Give back each entry exactly as written, apart from the pictures.

Data records -

-=-=-=-=-

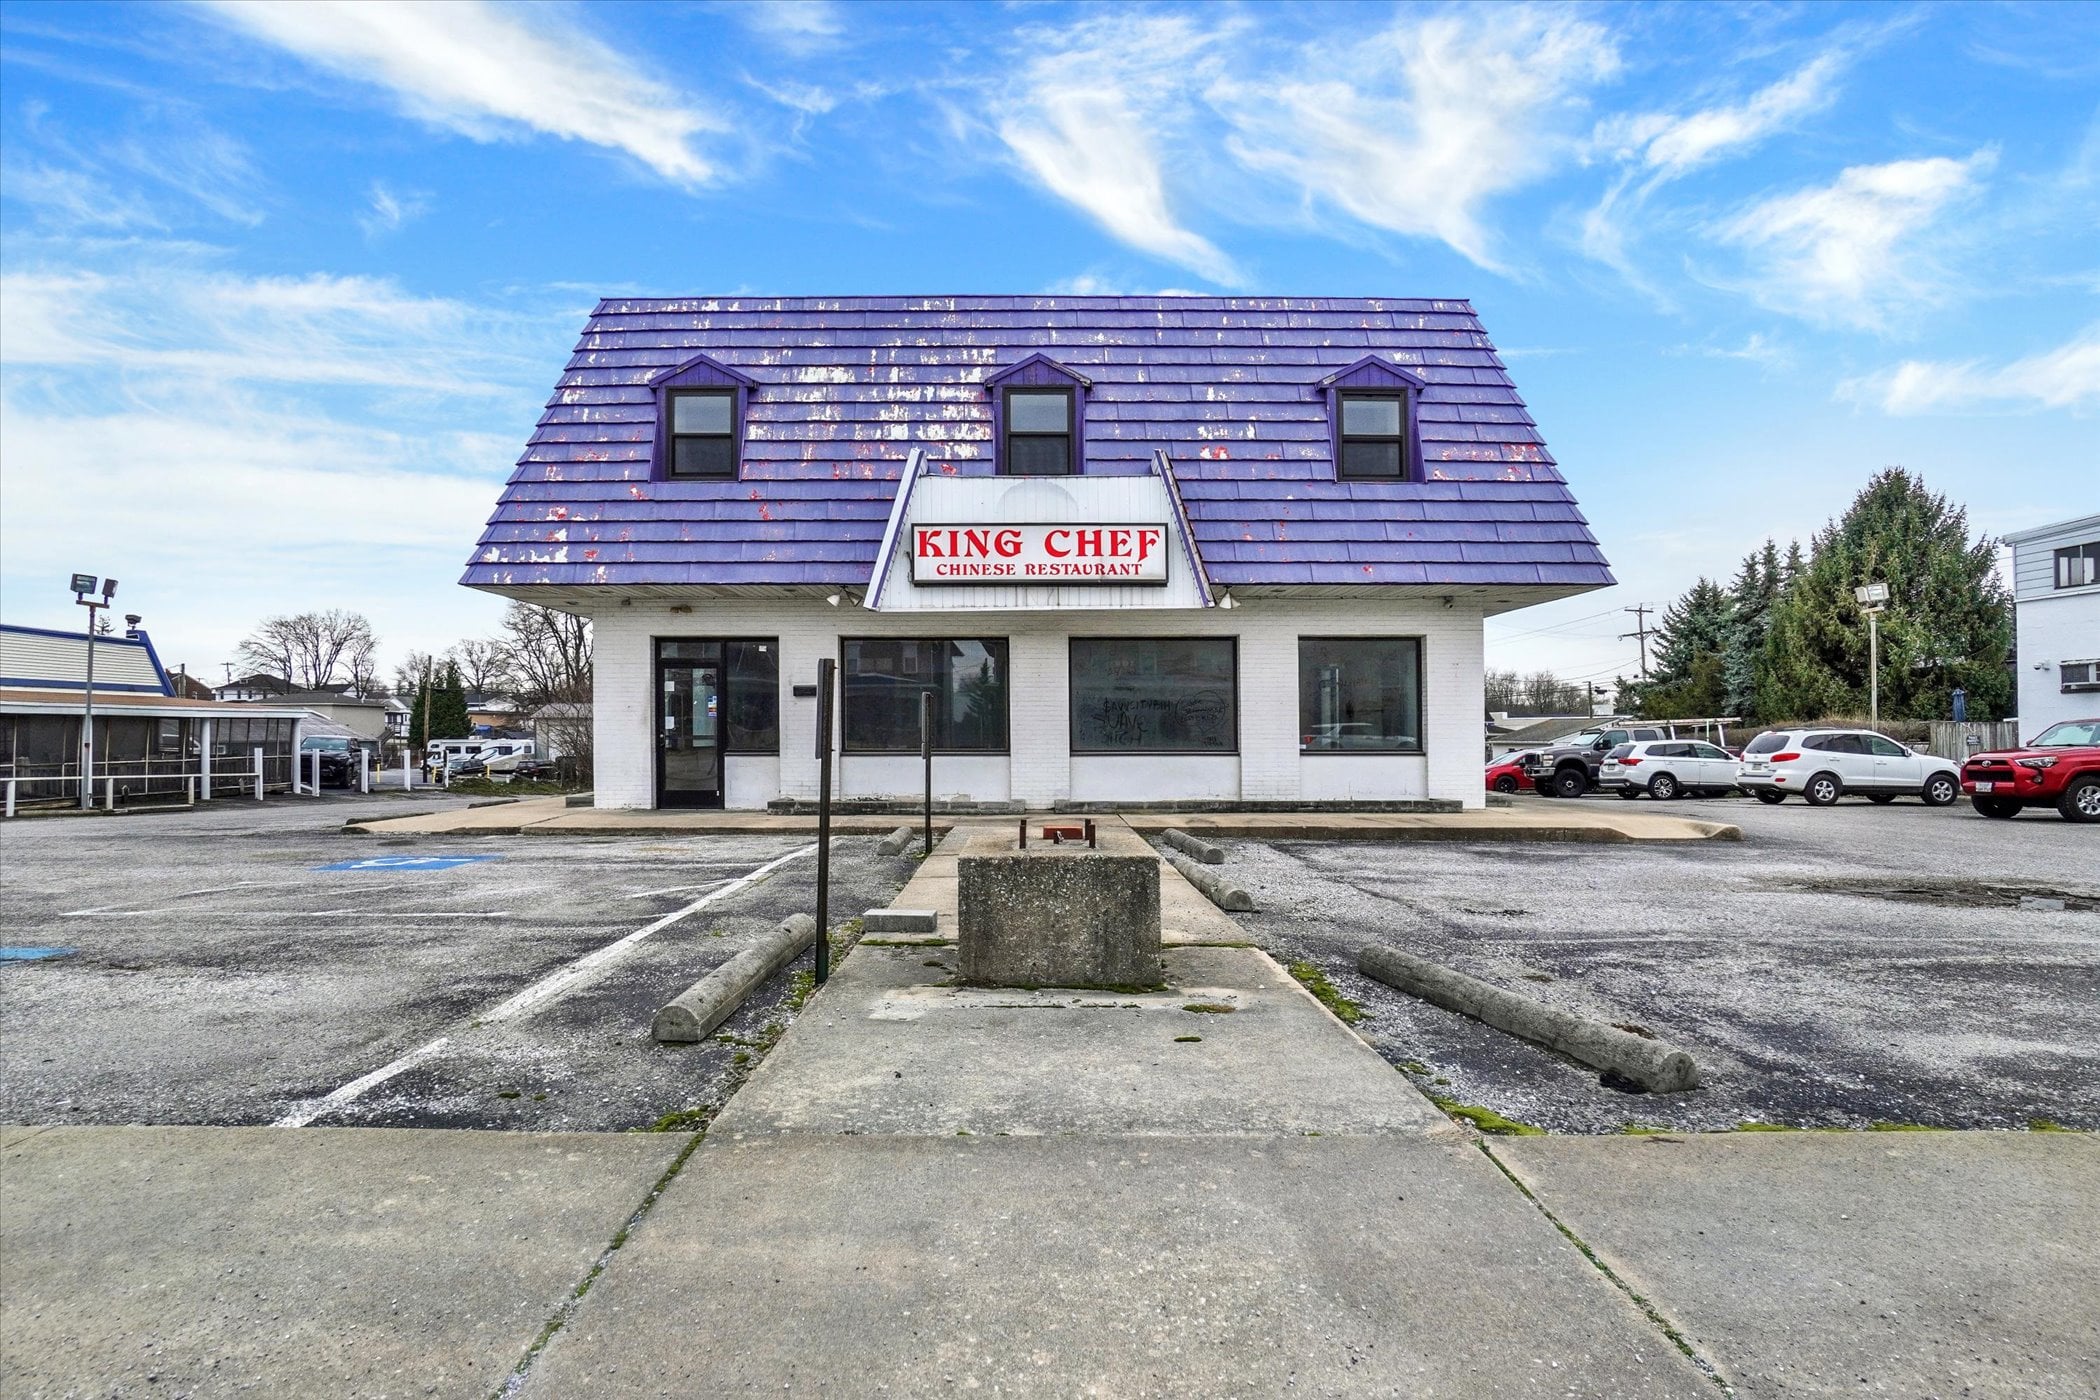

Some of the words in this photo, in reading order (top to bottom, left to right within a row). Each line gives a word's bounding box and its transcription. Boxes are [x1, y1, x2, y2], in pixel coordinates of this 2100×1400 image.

[917, 529, 1023, 559] KING
[1044, 529, 1160, 562] CHEF
[936, 563, 1016, 576] CHINESE
[1025, 563, 1142, 576] RESTAURANT

-=-=-=-=-

Task result -
Some of the words in this photo, in reading order (top to bottom, left to right within a row). Each line gives a word's bounding box and its transcription. Boxes are [x1, y1, x2, y2], in pixel coordinates of this 2100×1400 image.

[917, 529, 1023, 559] KING
[1044, 529, 1160, 562] CHEF
[936, 563, 1016, 576] CHINESE
[1025, 563, 1142, 576] RESTAURANT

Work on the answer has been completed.